2. Purpose and expected effects of the division

The reason companies choose to split their companies, spending enormous amounts of time, money, and obtaining shareholder approval, is to unlock potential value not currently reflected in their stock prices and maximize management efficiency.
Through spin-offs, each business unit can focus its resources and specialize as an independent legal entity within its specific area. This simplifies decision-making and allows each division's management to quickly develop and implement strategies tailored to the market environment, thereby enhancing competitiveness.

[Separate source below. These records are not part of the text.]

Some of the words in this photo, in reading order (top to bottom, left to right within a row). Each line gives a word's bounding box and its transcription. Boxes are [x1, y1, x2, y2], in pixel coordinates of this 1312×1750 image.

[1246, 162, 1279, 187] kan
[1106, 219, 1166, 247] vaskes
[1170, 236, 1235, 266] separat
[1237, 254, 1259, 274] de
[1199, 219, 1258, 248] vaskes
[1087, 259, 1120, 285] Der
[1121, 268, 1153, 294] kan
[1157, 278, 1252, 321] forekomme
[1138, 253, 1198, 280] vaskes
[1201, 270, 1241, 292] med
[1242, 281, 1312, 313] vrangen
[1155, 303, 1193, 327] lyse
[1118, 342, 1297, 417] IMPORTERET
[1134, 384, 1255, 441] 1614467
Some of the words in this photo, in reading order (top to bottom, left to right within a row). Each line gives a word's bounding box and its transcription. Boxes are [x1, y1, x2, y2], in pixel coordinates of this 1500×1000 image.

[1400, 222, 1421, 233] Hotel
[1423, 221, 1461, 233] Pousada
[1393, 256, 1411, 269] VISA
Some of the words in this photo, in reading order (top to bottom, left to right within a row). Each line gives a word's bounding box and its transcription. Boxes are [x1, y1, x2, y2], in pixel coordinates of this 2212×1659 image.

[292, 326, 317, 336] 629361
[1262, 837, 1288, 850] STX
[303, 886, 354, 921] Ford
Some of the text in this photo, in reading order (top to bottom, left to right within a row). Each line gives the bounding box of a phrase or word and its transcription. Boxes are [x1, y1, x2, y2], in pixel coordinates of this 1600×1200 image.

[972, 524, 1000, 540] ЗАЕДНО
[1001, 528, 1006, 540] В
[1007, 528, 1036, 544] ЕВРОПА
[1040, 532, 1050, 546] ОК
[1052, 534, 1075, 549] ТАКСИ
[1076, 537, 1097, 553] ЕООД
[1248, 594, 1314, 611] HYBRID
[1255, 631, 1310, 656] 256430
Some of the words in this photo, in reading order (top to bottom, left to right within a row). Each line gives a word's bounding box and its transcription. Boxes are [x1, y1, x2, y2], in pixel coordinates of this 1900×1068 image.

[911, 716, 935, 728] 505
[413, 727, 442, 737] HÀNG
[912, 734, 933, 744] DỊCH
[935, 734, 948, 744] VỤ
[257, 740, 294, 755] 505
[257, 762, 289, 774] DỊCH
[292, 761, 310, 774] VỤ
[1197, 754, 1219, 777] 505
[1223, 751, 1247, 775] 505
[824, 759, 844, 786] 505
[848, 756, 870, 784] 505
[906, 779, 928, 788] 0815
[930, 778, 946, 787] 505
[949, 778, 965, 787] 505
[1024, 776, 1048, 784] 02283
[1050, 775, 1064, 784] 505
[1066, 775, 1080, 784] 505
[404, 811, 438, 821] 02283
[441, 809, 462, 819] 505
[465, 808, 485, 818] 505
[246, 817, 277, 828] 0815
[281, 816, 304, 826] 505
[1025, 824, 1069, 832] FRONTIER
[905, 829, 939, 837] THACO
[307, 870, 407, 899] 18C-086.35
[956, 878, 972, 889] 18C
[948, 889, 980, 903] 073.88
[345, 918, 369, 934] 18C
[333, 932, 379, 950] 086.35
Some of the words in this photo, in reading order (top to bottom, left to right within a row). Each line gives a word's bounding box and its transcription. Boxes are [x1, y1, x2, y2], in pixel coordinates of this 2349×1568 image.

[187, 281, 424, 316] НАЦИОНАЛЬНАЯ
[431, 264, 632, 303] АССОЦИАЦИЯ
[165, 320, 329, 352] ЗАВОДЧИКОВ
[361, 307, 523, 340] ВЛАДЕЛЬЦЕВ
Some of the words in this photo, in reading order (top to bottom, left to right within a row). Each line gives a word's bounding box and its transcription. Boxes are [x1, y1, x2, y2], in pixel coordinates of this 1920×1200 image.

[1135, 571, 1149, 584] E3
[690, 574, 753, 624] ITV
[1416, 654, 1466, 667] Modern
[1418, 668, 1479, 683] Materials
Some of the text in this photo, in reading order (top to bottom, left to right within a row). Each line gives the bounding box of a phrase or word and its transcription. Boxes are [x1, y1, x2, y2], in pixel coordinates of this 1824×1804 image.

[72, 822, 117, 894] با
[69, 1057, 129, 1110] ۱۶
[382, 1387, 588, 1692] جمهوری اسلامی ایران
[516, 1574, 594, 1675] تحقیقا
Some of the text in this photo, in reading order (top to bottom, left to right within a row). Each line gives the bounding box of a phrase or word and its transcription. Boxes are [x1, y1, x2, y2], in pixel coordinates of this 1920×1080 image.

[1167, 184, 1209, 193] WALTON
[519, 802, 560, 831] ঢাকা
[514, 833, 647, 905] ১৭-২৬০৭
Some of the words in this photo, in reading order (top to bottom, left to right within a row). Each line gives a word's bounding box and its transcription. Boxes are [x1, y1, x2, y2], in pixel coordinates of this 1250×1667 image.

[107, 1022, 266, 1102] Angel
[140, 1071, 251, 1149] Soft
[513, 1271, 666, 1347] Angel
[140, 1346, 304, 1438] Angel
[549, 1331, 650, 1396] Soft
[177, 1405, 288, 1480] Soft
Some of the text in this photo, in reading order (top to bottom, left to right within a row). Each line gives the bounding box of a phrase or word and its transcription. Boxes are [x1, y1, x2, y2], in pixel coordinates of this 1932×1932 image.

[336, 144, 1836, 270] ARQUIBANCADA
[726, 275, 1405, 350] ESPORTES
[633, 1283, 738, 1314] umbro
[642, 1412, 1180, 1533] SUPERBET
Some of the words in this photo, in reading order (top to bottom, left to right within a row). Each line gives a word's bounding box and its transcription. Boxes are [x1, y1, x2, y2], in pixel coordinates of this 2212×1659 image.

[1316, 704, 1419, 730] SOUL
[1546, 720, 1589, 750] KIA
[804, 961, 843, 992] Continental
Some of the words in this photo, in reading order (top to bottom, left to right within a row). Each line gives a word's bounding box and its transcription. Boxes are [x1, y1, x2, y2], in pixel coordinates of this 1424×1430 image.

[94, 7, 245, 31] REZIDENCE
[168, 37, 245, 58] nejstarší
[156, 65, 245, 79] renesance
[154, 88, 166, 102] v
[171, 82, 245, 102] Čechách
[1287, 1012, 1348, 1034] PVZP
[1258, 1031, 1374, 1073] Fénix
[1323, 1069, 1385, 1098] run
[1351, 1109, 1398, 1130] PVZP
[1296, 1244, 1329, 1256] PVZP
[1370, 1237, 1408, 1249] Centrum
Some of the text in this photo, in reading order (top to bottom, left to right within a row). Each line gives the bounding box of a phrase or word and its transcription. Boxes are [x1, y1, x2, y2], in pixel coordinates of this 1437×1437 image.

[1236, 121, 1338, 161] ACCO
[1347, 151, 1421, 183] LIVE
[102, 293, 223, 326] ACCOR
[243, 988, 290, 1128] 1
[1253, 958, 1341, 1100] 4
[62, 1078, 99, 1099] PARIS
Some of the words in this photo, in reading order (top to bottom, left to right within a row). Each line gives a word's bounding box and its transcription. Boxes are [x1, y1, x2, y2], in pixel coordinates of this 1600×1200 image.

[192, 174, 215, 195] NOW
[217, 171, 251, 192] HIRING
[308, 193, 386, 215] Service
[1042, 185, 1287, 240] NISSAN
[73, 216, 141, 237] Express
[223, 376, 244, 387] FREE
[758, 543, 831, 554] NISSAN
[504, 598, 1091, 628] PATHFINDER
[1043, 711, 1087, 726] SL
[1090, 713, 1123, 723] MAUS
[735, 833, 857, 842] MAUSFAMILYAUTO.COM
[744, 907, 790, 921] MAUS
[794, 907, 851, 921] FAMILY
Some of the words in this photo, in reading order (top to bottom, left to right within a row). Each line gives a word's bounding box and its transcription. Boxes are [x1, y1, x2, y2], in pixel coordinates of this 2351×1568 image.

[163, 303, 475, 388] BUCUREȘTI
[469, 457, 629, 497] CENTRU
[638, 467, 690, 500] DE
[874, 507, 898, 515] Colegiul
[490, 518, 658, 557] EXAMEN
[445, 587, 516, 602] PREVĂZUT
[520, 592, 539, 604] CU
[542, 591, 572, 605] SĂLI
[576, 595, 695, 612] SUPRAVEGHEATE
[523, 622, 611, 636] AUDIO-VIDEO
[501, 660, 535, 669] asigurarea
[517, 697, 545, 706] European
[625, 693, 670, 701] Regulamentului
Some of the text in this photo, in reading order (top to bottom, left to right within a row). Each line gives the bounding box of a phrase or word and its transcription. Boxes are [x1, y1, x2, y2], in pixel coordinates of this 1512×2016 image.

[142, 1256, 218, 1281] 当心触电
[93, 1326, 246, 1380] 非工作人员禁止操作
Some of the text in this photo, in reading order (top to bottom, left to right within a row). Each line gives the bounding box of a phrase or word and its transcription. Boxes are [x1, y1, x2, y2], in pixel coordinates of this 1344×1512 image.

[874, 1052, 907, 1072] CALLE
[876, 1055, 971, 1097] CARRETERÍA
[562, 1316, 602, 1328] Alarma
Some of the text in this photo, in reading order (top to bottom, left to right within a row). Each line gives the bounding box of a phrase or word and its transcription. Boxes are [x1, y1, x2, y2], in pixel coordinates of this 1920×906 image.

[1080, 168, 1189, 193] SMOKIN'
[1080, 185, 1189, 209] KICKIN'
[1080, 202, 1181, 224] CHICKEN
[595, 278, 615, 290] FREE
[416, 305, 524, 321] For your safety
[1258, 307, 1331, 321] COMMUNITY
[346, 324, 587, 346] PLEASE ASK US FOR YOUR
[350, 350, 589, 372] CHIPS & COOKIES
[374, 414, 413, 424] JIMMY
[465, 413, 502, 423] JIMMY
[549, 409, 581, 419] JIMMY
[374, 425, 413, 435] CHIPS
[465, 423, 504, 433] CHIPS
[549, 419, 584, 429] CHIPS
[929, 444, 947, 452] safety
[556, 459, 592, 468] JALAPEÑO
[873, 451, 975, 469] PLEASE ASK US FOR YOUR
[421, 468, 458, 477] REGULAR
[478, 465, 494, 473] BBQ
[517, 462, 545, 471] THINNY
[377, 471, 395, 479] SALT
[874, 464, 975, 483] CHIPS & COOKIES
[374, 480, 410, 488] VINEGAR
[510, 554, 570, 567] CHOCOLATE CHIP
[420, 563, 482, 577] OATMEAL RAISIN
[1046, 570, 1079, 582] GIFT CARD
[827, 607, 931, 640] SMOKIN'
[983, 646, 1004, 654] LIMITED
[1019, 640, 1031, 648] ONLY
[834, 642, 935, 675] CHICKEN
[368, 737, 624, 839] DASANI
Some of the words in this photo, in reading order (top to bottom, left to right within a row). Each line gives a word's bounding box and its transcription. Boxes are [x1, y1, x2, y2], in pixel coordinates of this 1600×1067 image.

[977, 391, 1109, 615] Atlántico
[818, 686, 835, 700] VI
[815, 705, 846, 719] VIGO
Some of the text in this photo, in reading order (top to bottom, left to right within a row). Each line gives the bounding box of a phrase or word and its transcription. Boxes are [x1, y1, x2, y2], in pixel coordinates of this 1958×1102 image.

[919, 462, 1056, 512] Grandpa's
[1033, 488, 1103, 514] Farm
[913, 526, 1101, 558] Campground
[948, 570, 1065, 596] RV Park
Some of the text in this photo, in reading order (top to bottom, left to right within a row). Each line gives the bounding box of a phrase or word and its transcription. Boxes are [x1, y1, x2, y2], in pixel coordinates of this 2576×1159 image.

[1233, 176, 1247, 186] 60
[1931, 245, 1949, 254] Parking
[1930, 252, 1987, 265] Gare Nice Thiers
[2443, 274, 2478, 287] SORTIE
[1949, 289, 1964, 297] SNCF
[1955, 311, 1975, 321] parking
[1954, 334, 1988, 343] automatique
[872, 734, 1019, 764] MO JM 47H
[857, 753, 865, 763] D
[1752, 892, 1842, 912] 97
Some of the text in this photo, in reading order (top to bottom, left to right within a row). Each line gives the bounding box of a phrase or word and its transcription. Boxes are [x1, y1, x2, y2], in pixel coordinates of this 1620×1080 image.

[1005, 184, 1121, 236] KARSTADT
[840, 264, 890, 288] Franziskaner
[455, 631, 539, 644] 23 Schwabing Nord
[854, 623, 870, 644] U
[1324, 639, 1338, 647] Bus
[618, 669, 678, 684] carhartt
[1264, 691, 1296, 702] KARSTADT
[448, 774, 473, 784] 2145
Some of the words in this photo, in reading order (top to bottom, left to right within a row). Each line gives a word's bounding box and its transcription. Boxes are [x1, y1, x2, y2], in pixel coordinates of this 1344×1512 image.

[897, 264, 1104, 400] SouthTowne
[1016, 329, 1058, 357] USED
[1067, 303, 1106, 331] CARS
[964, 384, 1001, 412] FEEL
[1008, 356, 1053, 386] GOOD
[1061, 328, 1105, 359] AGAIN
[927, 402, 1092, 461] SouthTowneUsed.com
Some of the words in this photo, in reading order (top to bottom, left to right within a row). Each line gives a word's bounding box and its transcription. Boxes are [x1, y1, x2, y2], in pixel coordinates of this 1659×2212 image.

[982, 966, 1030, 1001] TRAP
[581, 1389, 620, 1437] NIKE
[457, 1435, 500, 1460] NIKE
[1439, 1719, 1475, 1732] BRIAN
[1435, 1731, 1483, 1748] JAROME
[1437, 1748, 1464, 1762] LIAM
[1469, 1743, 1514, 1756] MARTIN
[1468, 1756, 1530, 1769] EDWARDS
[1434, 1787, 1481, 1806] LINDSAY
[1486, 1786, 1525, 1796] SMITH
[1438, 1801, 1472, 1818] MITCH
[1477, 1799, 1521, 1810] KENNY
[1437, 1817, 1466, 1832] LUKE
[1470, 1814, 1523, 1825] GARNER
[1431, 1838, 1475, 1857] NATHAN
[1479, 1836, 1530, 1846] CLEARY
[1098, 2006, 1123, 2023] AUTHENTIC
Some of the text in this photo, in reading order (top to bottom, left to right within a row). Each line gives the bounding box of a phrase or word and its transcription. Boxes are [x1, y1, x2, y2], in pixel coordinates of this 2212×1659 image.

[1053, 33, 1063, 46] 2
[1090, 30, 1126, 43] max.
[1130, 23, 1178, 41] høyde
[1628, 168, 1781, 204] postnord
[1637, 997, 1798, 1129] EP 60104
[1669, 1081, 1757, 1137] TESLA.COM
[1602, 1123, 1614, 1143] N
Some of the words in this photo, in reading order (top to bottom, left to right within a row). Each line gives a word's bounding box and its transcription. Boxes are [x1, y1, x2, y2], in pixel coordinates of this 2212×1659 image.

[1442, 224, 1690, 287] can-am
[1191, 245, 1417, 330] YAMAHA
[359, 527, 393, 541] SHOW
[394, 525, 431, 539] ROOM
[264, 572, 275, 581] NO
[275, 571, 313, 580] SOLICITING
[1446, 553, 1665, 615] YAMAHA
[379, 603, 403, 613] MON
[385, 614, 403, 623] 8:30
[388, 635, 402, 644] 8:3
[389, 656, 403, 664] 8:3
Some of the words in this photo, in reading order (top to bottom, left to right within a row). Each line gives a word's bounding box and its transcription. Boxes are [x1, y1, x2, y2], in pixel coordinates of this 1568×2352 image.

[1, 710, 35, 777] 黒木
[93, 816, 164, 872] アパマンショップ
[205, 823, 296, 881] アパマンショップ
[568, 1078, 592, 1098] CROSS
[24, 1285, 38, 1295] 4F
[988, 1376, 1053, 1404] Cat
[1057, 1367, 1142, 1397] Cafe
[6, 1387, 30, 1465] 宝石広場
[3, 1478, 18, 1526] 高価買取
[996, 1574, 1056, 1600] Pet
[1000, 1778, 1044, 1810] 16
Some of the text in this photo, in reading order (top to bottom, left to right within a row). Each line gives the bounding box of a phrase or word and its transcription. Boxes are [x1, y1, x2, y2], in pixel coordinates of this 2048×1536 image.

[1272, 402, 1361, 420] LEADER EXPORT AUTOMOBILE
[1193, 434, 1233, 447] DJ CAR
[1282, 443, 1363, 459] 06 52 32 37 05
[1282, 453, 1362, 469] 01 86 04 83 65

Furthermore, when core and non-core businesses are mixed, the market tends to evaluate the entire company based on an average (value discount). Separating high-growth, cutting-edge businesses (e.g., batteries, bio) allows investors to focus solely on their potential. This, in turn, provides an opportunity for the market to recognize a high price-to-earnings ratio (PER) appropriate for the business segment, leading to a revaluation of the company.

3. In conclusion

A successful corporate spin-off goes beyond simple organizational restructuring; it becomes a key strategic tool for companies to overcome current inefficiencies and secure future growth engines. However, achieving all these goals and expected benefits requires selecting the right spin-off method and implementing proper accounting practices.